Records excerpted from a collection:

-----

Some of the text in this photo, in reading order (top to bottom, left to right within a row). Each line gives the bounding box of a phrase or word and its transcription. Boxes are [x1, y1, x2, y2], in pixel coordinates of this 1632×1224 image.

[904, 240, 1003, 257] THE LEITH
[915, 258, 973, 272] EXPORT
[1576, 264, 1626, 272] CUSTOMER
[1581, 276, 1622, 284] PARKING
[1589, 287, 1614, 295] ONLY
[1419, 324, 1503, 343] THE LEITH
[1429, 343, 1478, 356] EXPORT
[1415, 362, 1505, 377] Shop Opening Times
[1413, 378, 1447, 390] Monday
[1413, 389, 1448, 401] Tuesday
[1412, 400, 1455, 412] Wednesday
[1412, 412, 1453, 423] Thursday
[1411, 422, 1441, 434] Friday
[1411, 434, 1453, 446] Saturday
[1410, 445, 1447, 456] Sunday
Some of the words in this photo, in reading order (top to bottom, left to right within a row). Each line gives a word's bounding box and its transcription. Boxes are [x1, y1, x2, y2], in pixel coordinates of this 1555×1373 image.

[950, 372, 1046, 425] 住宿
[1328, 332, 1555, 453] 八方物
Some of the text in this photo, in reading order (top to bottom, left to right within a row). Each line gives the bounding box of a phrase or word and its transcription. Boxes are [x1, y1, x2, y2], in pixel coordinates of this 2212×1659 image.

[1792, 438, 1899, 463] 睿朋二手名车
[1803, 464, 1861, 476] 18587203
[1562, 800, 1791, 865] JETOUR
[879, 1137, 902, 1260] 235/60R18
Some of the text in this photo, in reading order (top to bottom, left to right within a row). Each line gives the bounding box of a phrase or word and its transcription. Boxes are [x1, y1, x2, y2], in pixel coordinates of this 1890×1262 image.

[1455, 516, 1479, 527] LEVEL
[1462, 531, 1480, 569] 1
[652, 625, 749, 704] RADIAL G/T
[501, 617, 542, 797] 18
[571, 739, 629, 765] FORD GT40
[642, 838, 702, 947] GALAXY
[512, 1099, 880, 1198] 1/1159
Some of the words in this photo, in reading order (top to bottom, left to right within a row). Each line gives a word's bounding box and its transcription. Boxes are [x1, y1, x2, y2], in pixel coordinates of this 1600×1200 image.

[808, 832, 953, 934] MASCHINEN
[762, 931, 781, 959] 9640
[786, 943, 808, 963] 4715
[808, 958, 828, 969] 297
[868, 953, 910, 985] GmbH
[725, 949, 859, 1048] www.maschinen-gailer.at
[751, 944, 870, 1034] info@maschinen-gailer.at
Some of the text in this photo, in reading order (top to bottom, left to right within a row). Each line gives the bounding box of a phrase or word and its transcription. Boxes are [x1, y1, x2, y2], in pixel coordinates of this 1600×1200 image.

-----

● **YOUR GOAL**
Output all of the data above without any alteration.

● **ANSWER AREA**
Some of the text in this photo, in reading order (top to bottom, left to right within a row). Each line gives the bounding box of a phrase or word and its transcription. Boxes are [x1, y1, x2, y2], in pixel coordinates of this 1632×1224 image.

[904, 240, 1003, 257] THE LEITH
[915, 258, 973, 272] EXPORT
[1576, 264, 1626, 272] CUSTOMER
[1581, 276, 1622, 284] PARKING
[1589, 287, 1614, 295] ONLY
[1419, 324, 1503, 343] THE LEITH
[1429, 343, 1478, 356] EXPORT
[1415, 362, 1505, 377] Shop Opening Times
[1413, 378, 1447, 390] Monday
[1413, 389, 1448, 401] Tuesday
[1412, 400, 1455, 412] Wednesday
[1412, 412, 1453, 423] Thursday
[1411, 422, 1441, 434] Friday
[1411, 434, 1453, 446] Saturday
[1410, 445, 1447, 456] Sunday
Some of the words in this photo, in reading order (top to bottom, left to right within a row). Each line gives a word's bounding box and its transcription. Boxes are [x1, y1, x2, y2], in pixel coordinates of this 1555×1373 image.

[950, 372, 1046, 425] 住宿
[1328, 332, 1555, 453] 八方物
Some of the text in this photo, in reading order (top to bottom, left to right within a row). Each line gives the bounding box of a phrase or word and its transcription. Boxes are [x1, y1, x2, y2], in pixel coordinates of this 2212×1659 image.

[1792, 438, 1899, 463] 睿朋二手名车
[1803, 464, 1861, 476] 18587203
[1562, 800, 1791, 865] JETOUR
[879, 1137, 902, 1260] 235/60R18
Some of the text in this photo, in reading order (top to bottom, left to right within a row). Each line gives the bounding box of a phrase or word and its transcription. Boxes are [x1, y1, x2, y2], in pixel coordinates of this 1890×1262 image.

[1455, 516, 1479, 527] LEVEL
[1462, 531, 1480, 569] 1
[652, 625, 749, 704] RADIAL G/T
[501, 617, 542, 797] 18
[571, 739, 629, 765] FORD GT40
[642, 838, 702, 947] GALAXY
[512, 1099, 880, 1198] 1/1159
Some of the words in this photo, in reading order (top to bottom, left to right within a row). Each line gives a word's bounding box and its transcription. Boxes are [x1, y1, x2, y2], in pixel coordinates of this 1600×1200 image.

[808, 832, 953, 934] MASCHINEN
[762, 931, 781, 959] 9640
[786, 943, 808, 963] 4715
[808, 958, 828, 969] 297
[868, 953, 910, 985] GmbH
[725, 949, 859, 1048] www.maschinen-gailer.at
[751, 944, 870, 1034] info@maschinen-gailer.at
Some of the text in this photo, in reading order (top to bottom, left to right within a row). Each line gives the bounding box of a phrase or word and its transcription. Boxes are [x1, y1, x2, y2], in pixel coordinates of this 1600×1200 image.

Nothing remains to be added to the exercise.